Omdat de reductiefactor voor broeikasgas- en lachgasinstallaties niet wordt aangepast, vervalt tevens de noodzaak om de correctiefactor voor broeikasgasinstallaties voor de verbranding van stedelijk afval (AVI’s) aan te passen. De in het wetsvoorstel opgenomen nieuwe correctiefactoren – waaronder de voorgestelde waarde van 0,85 voor 2026 en de jaarlijkse afbouw vanaf 2027 – vervallen derhalve. Hiermee blijft de oorspronkelijke berekeningsmethodiek voor AVI’s in stand.

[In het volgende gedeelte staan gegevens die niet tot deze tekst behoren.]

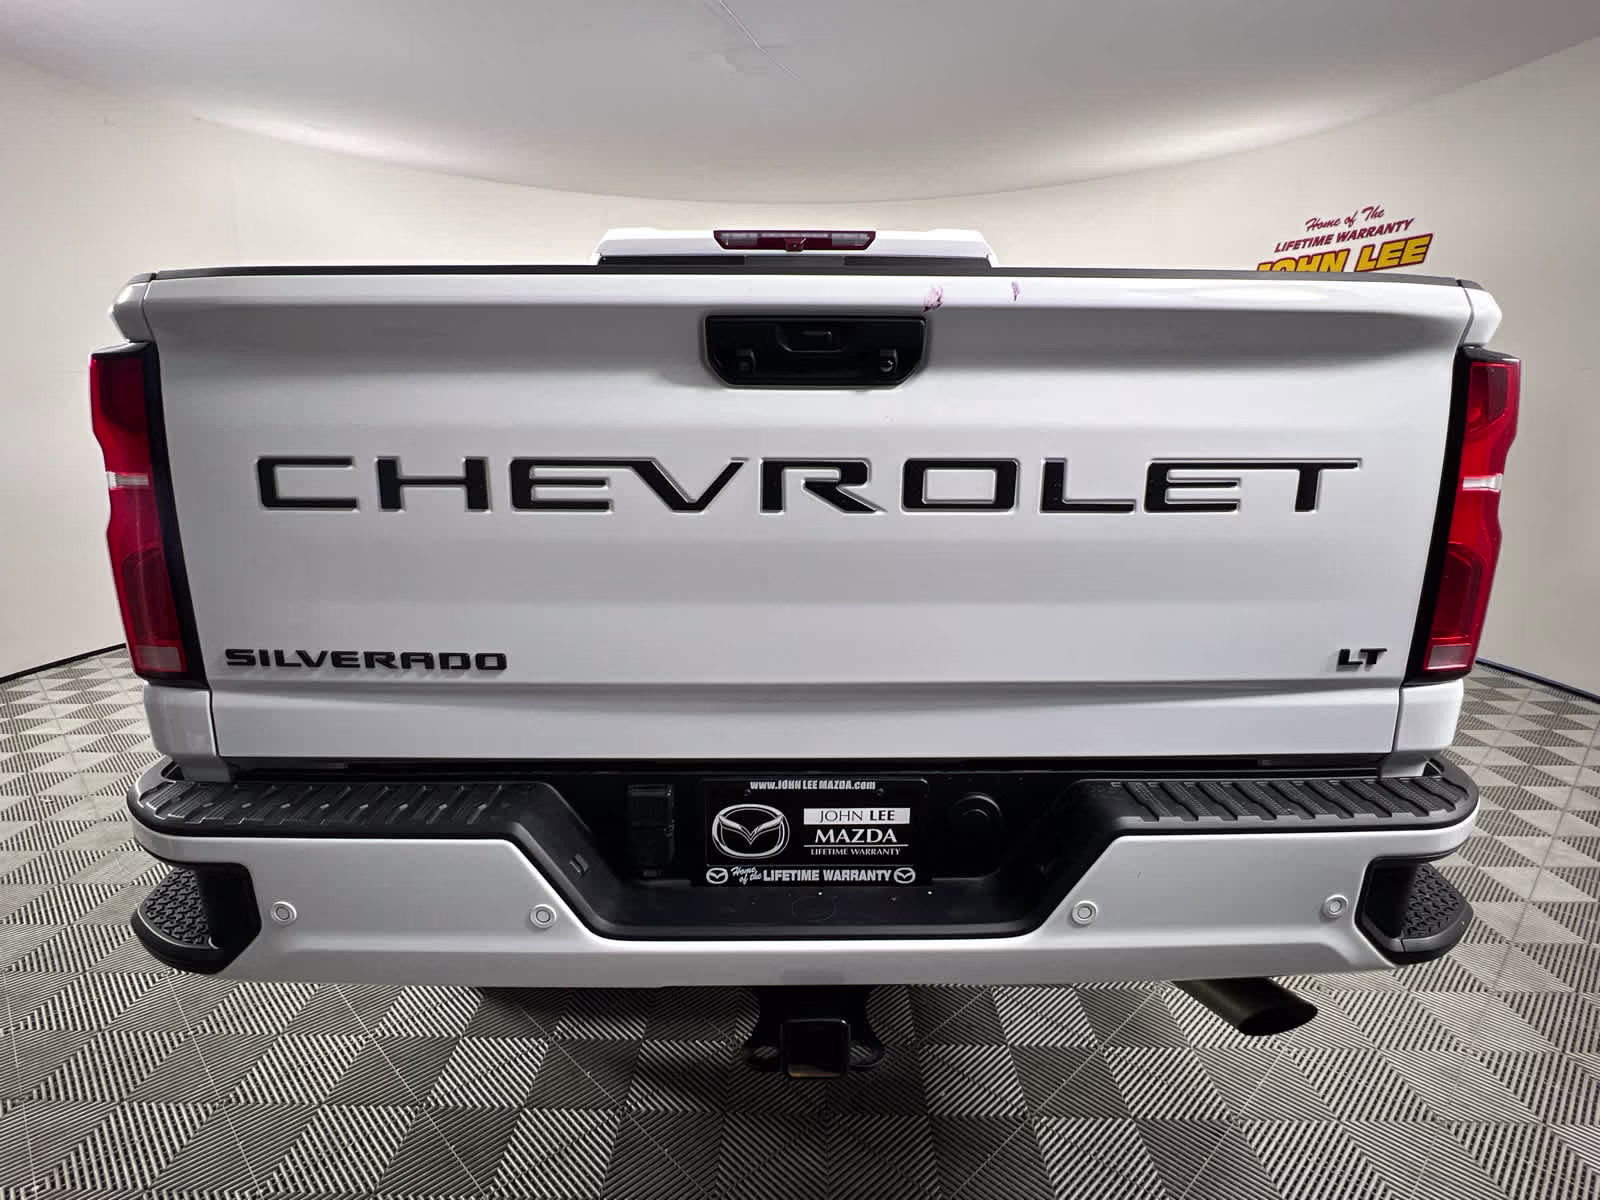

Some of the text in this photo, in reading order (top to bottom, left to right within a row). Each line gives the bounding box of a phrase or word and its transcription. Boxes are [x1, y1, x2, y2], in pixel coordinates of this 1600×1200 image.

[1305, 205, 1384, 232] Home of The
[1274, 218, 1414, 253] LIFETIME WARRANTY
[1353, 233, 1433, 272] LEE
[255, 456, 1362, 514] CHEVROLET
[225, 648, 507, 671] SILVERADO
[1336, 648, 1387, 666] LT
[820, 810, 895, 823] JOHN LEE
[815, 828, 898, 843] MAZDA
[811, 847, 901, 856] LIFETIME WARRANTY
[763, 869, 892, 882] LIFETIME WARRANTY

Wel wordt vastgehouden aan de in het wetsvoorstel voorgestelde lineaire afbouw van de correctiefactor van 2030 naar 2033. Daarom wordt in dit onderdeel uitsluitend de bepaling betreffende de waarden na 2030 aangepast. Voor 2030 wordt de correctiefactor vastgesteld op 0,4, voor 2031 op 0,27, voor 2032 op 0,13 en voor 2033 en de daaropvolgende jaren op 0.